While these factors can increase a dog’s likelihood of developing a paw yeast infection, they do not guarantee that every dog will develop one. Other factors such as environmental conditions and overall health also influence the occurrence of yeast infections in dogs.

Identifying Dog Paw Yeast Infections: Signs and Symptoms

Yeast infections on a dog’s paws can range from mild to severe. Fortunately, it is usually easy to tell if a dog has a yeast infection if you know what to look for. 

Dog owners should watch for the following signs and symptoms that may indicate a paw yeast infection in their dogs:

  • Paw licking and chewing: Dogs that frequently lick or chew their paws may be trying to alleviate the intense itching and discomfort caused by a yeast infection.
  • Redness and inflammation: The affected paw or paws may appear red, swollen, or inflamed. The skin may also feel warm to the touch.
  • Unpleasant odor: Yeast infections often have a noticeable, unpleasant odor. Dog owners may notice that their paws smell musty, “yeasty”, or even “cheesy”.
  • Discharge or sores: There may be a discharge present or sores between the toes or around the edges of the paw pads. These may appear as small bumps, open sores, or scaly patches.
  • Changes in paw appearance: The affected paw may have flaky, crusty or thickened skin, and a greasy texture or appearance.
  • Limping or reluctance to walk: Severe paw yeast infections can be painful, which may cause the dog to limp on the affected paw or become reluctant to stand or walk on it.
  • Hair loss: Hair loss may occur in the areas surrounding the yeast infection. The affected skin may appear bald or have patches of missing fur.

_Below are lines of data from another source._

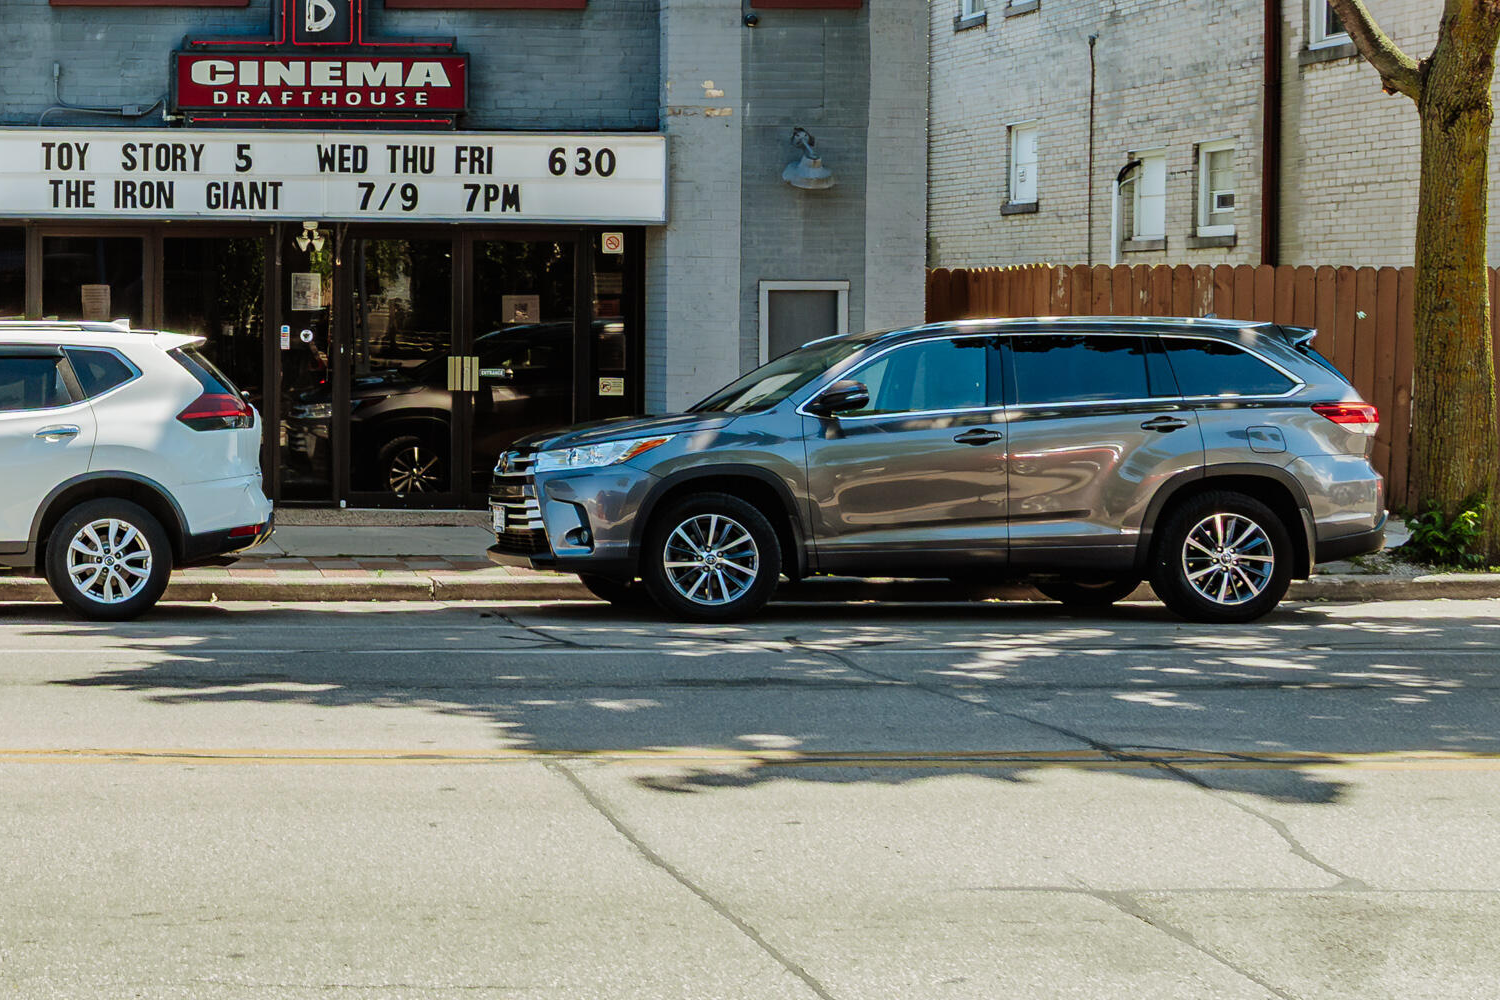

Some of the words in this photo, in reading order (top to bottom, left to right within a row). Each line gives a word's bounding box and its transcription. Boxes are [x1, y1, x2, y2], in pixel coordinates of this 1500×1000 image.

[190, 59, 452, 87] CINEMA
[213, 91, 428, 106] DRAFTHOUSE
[41, 142, 90, 172] TOY
[121, 142, 205, 173] STORY
[234, 143, 254, 174] 5
[316, 143, 369, 175] WED
[386, 144, 436, 175] THU
[454, 145, 494, 175] FRI
[49, 179, 96, 209] THE
[113, 180, 175, 209] IRON
[206, 180, 283, 210] GIANT
[357, 181, 420, 212] 7/9
[463, 183, 522, 213] 7PM

These signs and symptoms can vary depending on the individual dog and the stage of the infection. If dog owners suspect a paw yeast infection, they should consult with a veterinarian for a proper diagnosis.

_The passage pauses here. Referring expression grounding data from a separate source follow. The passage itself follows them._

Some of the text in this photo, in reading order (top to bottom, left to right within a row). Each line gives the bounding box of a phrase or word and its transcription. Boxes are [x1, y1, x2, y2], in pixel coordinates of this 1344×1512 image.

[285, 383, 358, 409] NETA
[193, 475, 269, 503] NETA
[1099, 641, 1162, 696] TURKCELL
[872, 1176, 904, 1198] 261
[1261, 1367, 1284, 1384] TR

Dog Paw Yeast Infection Pictures 

These images show what dog paw yeast infections can look like on real-life dogs. If you suspect your dog has issues with their paws or skin health, please make sure to contact your veterinarian.  

Showing dog paw with redness between toes
Dog's paws showing redness and irritation on a green background
White dog paws with redness around nails on a blue background
Hand holding dog paw that is red and inflamed on the bottom

Treatments for Dog Paw Yeast Infections

There are different methods of treating yeast infections in dogs. The most commonly used treatments are topical medications, which are products that are applied directly to the affected skin and paws. Oral medications are also available and are typically used in more severe cases.

Topical medications

Topical medications can be used to treat mild-to-moderate paw yeast infections. These products are generally in the form of creams, ointments, or medicated shampoos. Some topical treatments also have antibacterial properties to help treat secondary bacterial infections.

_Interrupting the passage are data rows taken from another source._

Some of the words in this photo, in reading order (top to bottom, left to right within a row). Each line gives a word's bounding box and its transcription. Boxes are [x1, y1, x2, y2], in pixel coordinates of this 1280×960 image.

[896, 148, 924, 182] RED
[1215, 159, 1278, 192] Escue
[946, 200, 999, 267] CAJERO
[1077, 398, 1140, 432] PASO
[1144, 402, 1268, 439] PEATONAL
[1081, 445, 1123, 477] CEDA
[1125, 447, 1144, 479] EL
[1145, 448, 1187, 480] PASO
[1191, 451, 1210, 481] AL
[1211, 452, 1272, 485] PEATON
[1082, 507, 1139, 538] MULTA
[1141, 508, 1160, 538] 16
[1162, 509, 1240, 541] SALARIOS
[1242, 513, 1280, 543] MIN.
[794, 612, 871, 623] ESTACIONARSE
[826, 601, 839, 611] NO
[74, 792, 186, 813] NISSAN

Before any form of topical medication can be applied, the affected area must first be thoroughly cleaned using a mild, pet-safe cleanser. This helps to remove accumulated grease, crusts, or other debris that may interfere with absorption of the topical medication.

Antifungal creams and ointments are generally used for small, localized areas such as between the toes or for a dog paw pad yeast infection. This makes it easy to consistently apply.

The disadvantage of topical creams and ointments is that dogs who are already licking their paws are very likely to lick off the medication. An Elizabethan collar (“cone”) or other similar physical barrier will likely be needed.

Medicated shampoos are the preferred treatment for most mild-to-moderate paw yeast infections. These shampoos are designed to be used on the entire body, but they can also be used on just the paws if that is the only affected area. 

These shampoos usually contain antifungal ingredients and ingredients that help reduce scaling and crusting. 

The shampoo is mixed with water, massaged into the dogs’ paws until fully lathered, and then left on for 3 to 5 minutes before being completely rinsed off and the paws dried. This can be repeated 3 times a week for a minimum of four weeks, or as long as it takes to resolve the infection.

Oral medications

Veterinarians generally prescribe oral antifungal medications for severe cases of yeast infections, or when cases do not respond to topical treatments. 

Oral medications include prescription drugs such as itraconazole and fluconazole. These medications are often given for several weeks to months before the yeast infection is completely under control.

Like any medication, oral antifungal treatments may have side effects. Due to the potential side effects, especially those related to liver function, dogs receiving oral antifungal treatments need to be closely monitored with regular blood tests.

Other treatments

In addition to medications to treat the yeast infection, your veterinarian may recommend  treatments to address any underlying causes contributing to the infection. This will improve treatment success as well as helping to prevent recurrent infections. 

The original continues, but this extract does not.